Case Study

A Drive-Thru Visit Evaluated With AI Video Mystery Shopping

5 min read

DataPure evaluated a recent drive-thru experience for a mystery shopping customer using our AI. DataPure’s AI analyzed the audio and video recordings collected during the mystery shopping visit.  Our custom AI evaluates what happens visually throughout the drive-thru experience, while AI-based audio analysis examines speech, timing, and tone. We then bring these signals together to produce structured evaluations that reflect how the interaction actually unfolded. This approach allows drive-thru visits to be assessed consistently and objectively, without relying solely on human interpretation.  The in-field person’s job is now mostly focused on capturing data with minimal need for report creation. 

Arrival and Ordering At the Drive-Thru

The mystery shopper entered the drive-thru during a regular operating period with moderate traffic. As the vehicle reached the order point, DataPure’s AI marked the exact arrival time and began tracking the visit. Queue length, time of day, and ambient conditions were captured by the AI to establish context for the interaction.

When ordering began, the AI measured the total time taken to take the order, including whether it stayed within defined thresholds such as under 90 seconds. DataPure’s AI captured pauses during the conversation, periods of silence while items were entered, and whether the order was clearly repeated and confirmed.

Throughout the exchange, our AI evaluated tone and communication quality. It assessed whether the employee maintained a steady, friendly tone or whether vocal pace and clarity changed under pressure. The AI also identified whether the employee tried to upsell a larger size or a meal upgrade. The wording and delivery of the employee were evaluated by the AI against brand-specific guidelines.

Payment and Movement to the Window

After the order was completed, the shopper drove toward the payment window. The AI measured the time taken to move from the order point to the window and flagged any delays or irregularities during this transition.

At the window, DataPure’s AI evaluated how smoothly payment was handled. It recorded the time required to complete the transaction, noted whether specific payment methods were accepted or declined, and assessed tone and professionalism during the exchange. These details are often difficult for shoppers to quantify but are captured consistently by the AI.

Food Handoff and Packaging

During the handoff, our AI evaluated whether the shopper was greeted at the window and whether appropriate closing language was used. It measured how long the handoff took and identified signs of rushed or disorganized service based on timing and tone. Any irregularities were flagged by the AI.

The shopper then assessed the food; whether items were properly packed, whether a cup holder was provided for beverages, and whether the presentation met expectations. Additional details such as food temperature were captured by the shopper on camera, and the data was automatically entered into the report using the AI.  Other details like portion size, freshness, and appearance were also noted by the AI upon the video evaluation.
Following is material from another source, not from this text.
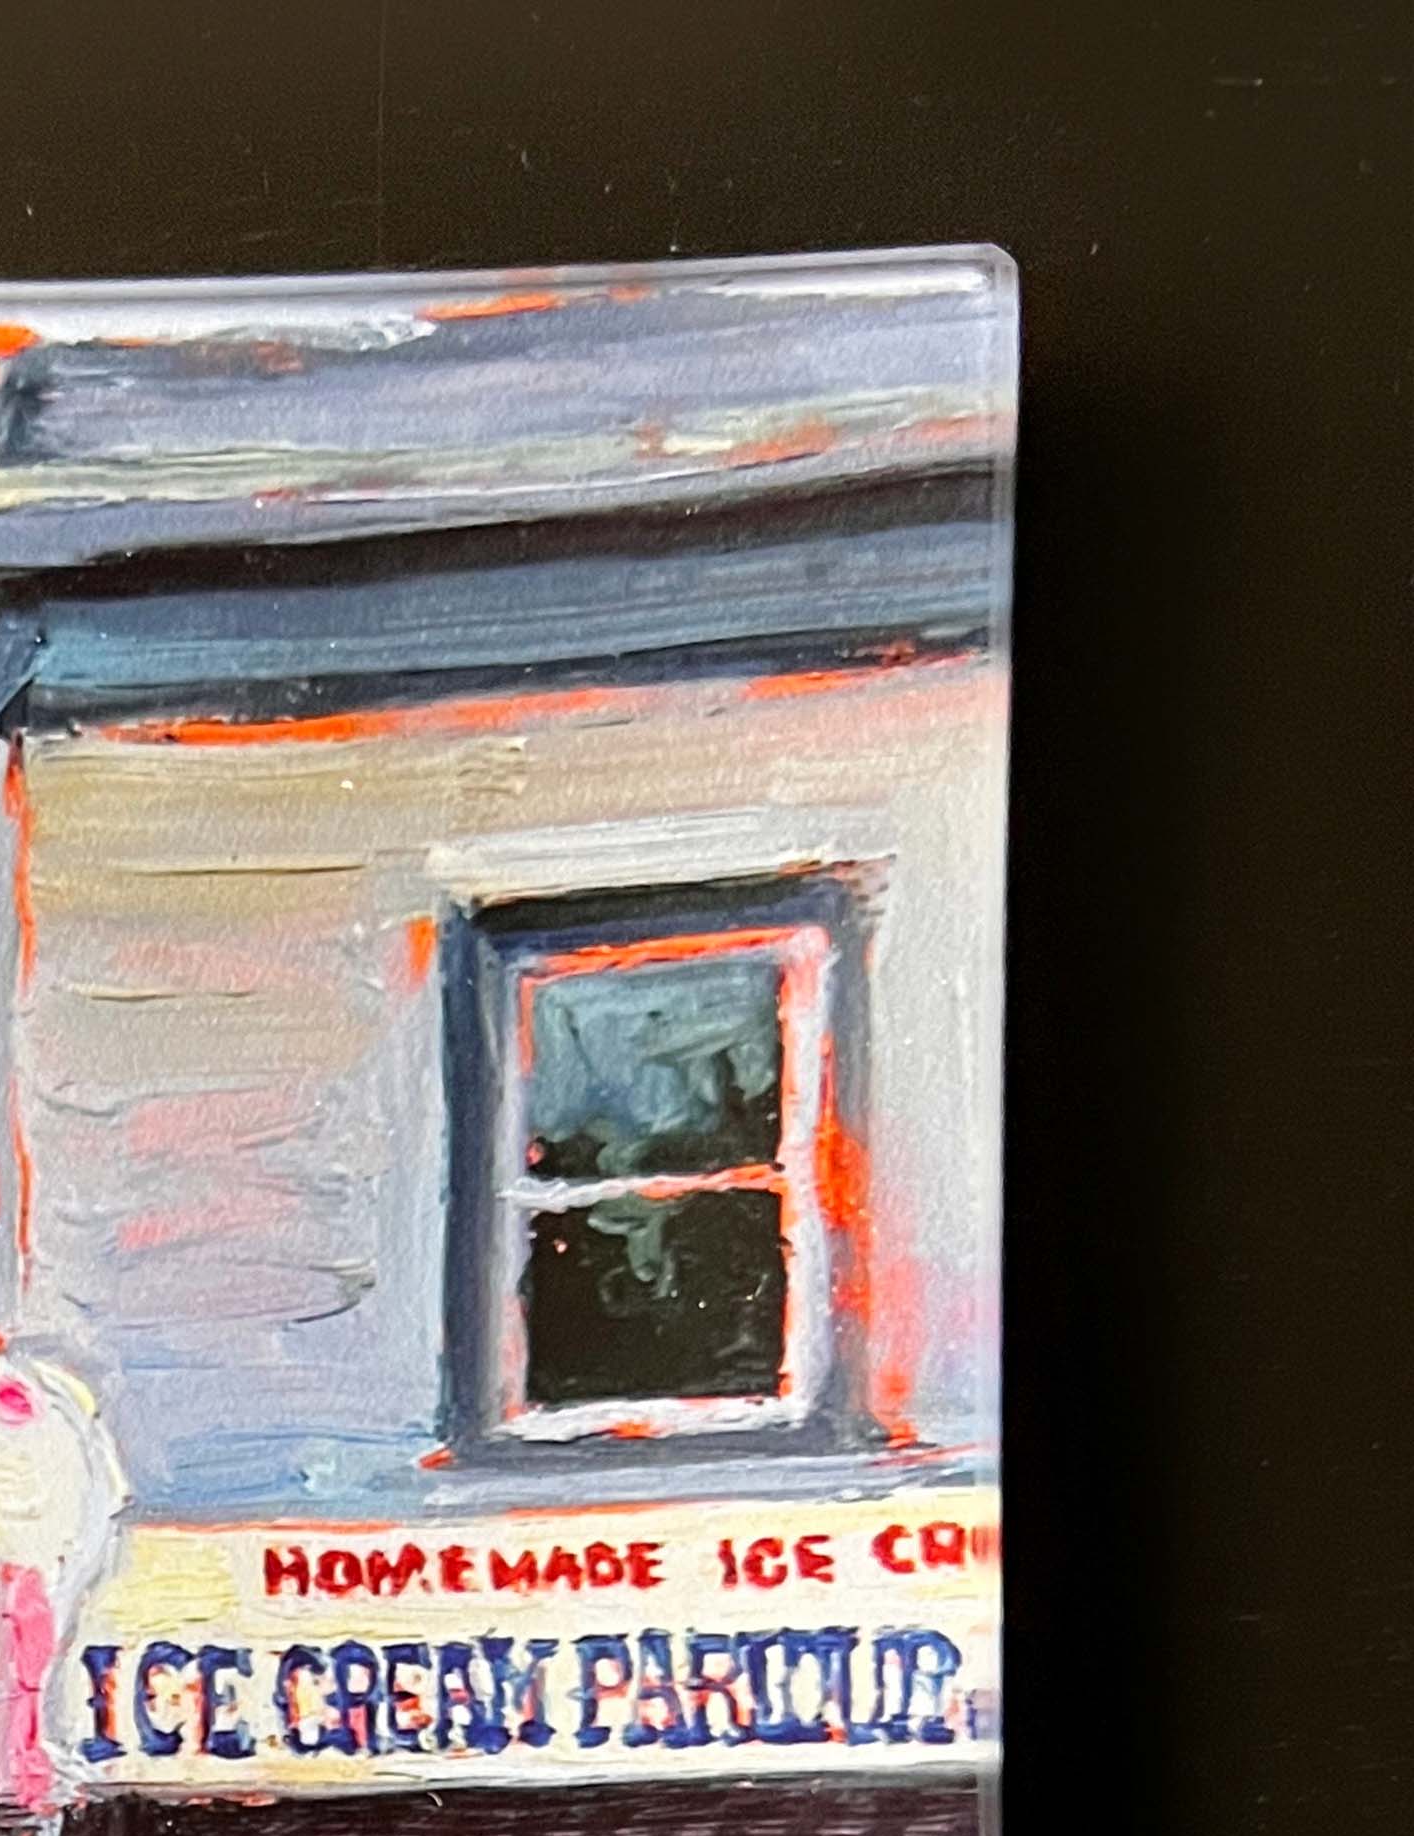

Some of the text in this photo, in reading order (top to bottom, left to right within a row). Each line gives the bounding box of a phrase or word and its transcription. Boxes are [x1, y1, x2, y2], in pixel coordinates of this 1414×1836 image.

[263, 1541, 668, 1597] HOMEMADE
[716, 1532, 836, 1590] ICE
[80, 1640, 256, 1763] ICE
[272, 1632, 561, 1756] CREAM
AI’s Consistency is a key differentiator

DataPure’s AI maintained consistency across numerous locations and reduced the reporting time dramatically.  All the shopper had to do was go through the buying experience, the 90% of the report was created by DataPure’s AI. The shopper then finalized the report to fill any gaps.  The AI also summarized across the locations and stores, it showed whether greeting times consistently exceeded internal targets during specific periods. It identified ordering delays caused by repeated confirmations. It also highlighted subtle shifts in tone between the order point and the window that suggested increased pressure during busier times of the day and the week.

Most importantly, the AI evaluated every step using the consistent standards every time. Where human feedback can vary based on expectations, experience, or interpretation, the AI applied objective criteria while taking out the human bias. Timing, tone, compliance, and interaction flow were measured consistently across visits, locations, and staff to ensure brand-specific guidelines and compliance.
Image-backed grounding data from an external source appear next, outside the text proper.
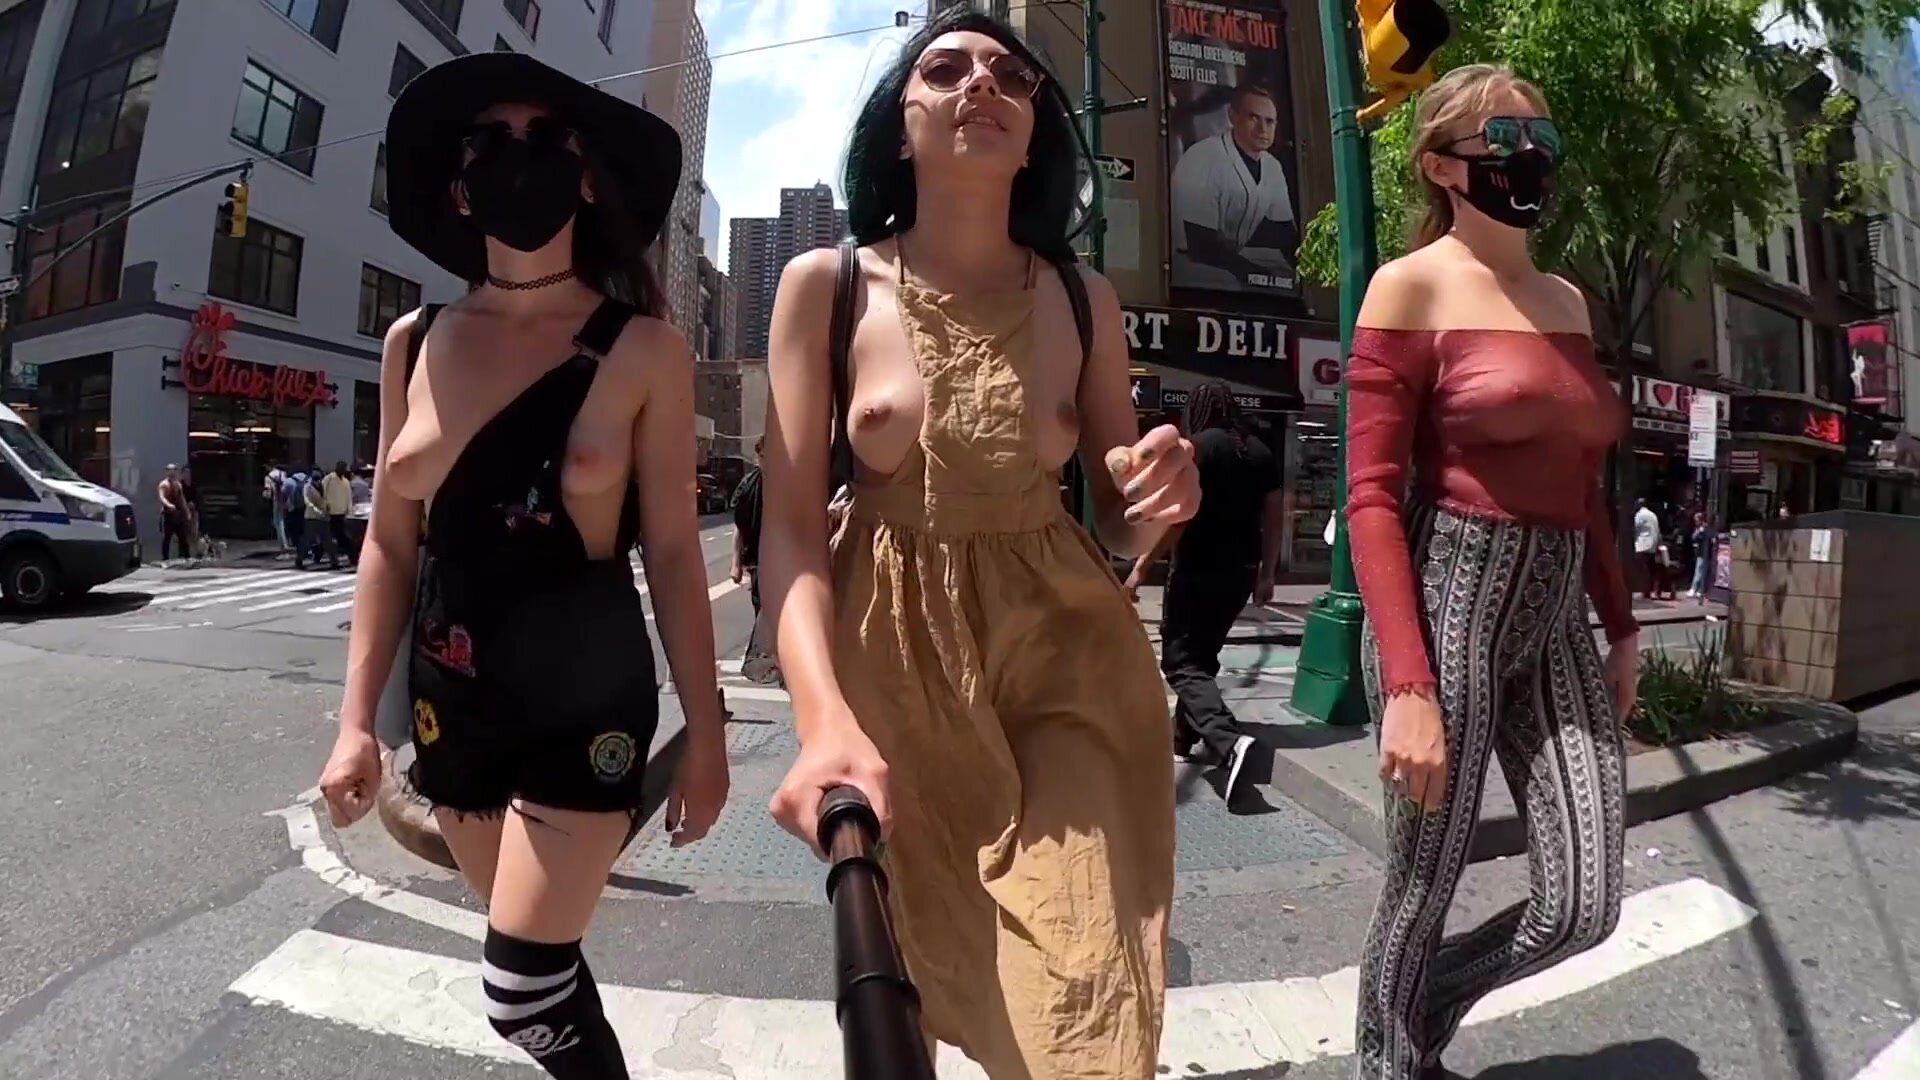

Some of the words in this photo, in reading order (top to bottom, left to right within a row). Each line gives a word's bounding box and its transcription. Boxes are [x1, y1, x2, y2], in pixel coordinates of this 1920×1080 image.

[1169, 5, 1210, 37] TAKE
[1214, 14, 1244, 43] ME
[1247, 19, 1278, 49] OUT
[1168, 40, 1202, 59] RICHARD
[1170, 64, 1194, 81] SCOTT
[1196, 67, 1217, 85] ELLIS
[1197, 316, 1288, 360] DELI
Why AI Matters for Mystery Shopping Programs

This use case demonstrates how AI video mystery shopping transforms a single drive-thru visit into structured and comparable insight. Mystery shopping companies can deliver deeper analysis without increasing review time, while restaurant clients receive clearer feedback that directly links behavior to performance.

By combining shopper observations with DataPure’s AI-driven evaluation, drive-thru mystery shopping moves beyond general impressions and into consistent, actionable insight that supports training, operational improvement, and brand consistency at scale.